So it resulted that in the principal towns (by the time the régime changed) the culture of the Porto [sic] Rican students was much superior to that of the Spaniards, as is evidenced upon mere cursory examination of the periodicals and publications of the time. This naturally was not the case in the smaller towns, especially in the country, where the inhabitants were under the complete domination of their masters, without other means of defense than their innate intelligence and wit, sharpened in the struggle to evade laws they believed oppressive and to escape obligations that they believed unjust, and when their natural acuteness was not sufficient to effect this they took refuge in a passive resistance against which all the efforts of the Government were fruitless.


Thus, at the time of the American takeover, the bankruptcy of the Spanish ancien régime in matters of education was complete, and the initiative had passed into the hands of a rather disparate Puerto Rican leadership. Secondly, faute de mieux, stress was placed less on elementary or primary education than on the more advanced levels (although the 1880-98 period saw the establishment of two Normal Schools designed to train elementary teachers). Finally, a rather traditional, humanistically oriented program of study remained at the core of secondary study, complemented by a set of complementary practical courses, such as ship navigation, agronomy, pharmacy, and midwifery.

At the close of the school year 1898-99, less than a year after the American arrival, the wretched conditions of public education in terms of the children served are evident in the following numbers given in Dr. Clark's above-cited Report. Out of a total island population of 857,660, some 203,373 boys and girls constituted the school age cohort. Of these students, 14,720 boys and 7,153 girls were actually in attendance at the schools that existed at the time—a bit over 10 percent.

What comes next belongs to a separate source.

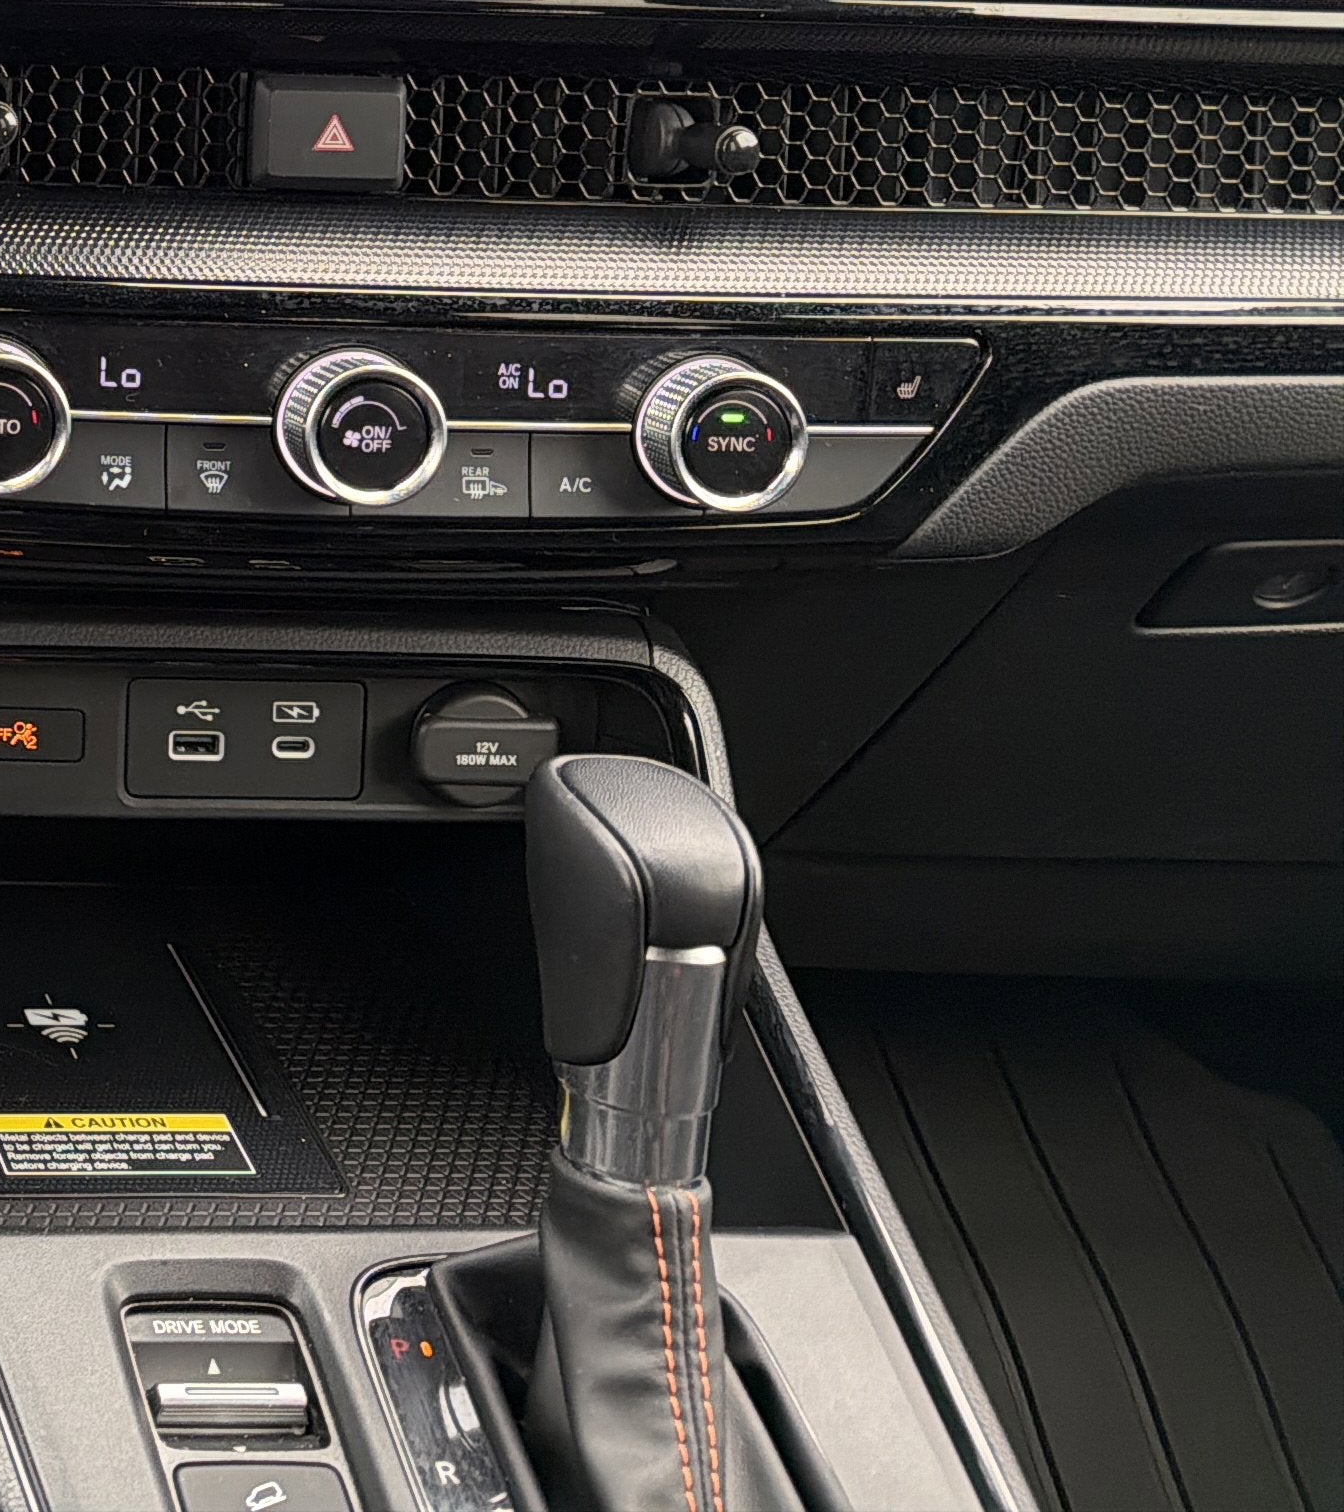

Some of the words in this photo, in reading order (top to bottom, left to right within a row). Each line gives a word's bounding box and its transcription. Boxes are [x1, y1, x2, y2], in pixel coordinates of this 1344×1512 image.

It is erroneous to believe, however, that a pupil enrolled in September stayed in the course throughout the school year. Some dropped out; others came in late to take their place. As best as could be determined for the island's schools in 1907 some 65,436 pupils were enrolled. However, of these only about 35,000 received a full year's instruction. Thus, despite much school reform and rhetoric, great expenditures of money, and an extraordinary amount of planning (including passing laws that declared school attendance obligatory), in the decade following 1886, school attendance increased a little over 50 percent. One is led to speculate that mass schooling had not yet entirely entered into the Puerto Rican cultural mentality or perhaps that the population, recalcitrant to government-inspired initiatives, failed to see the advantages in having their children taught in the schools.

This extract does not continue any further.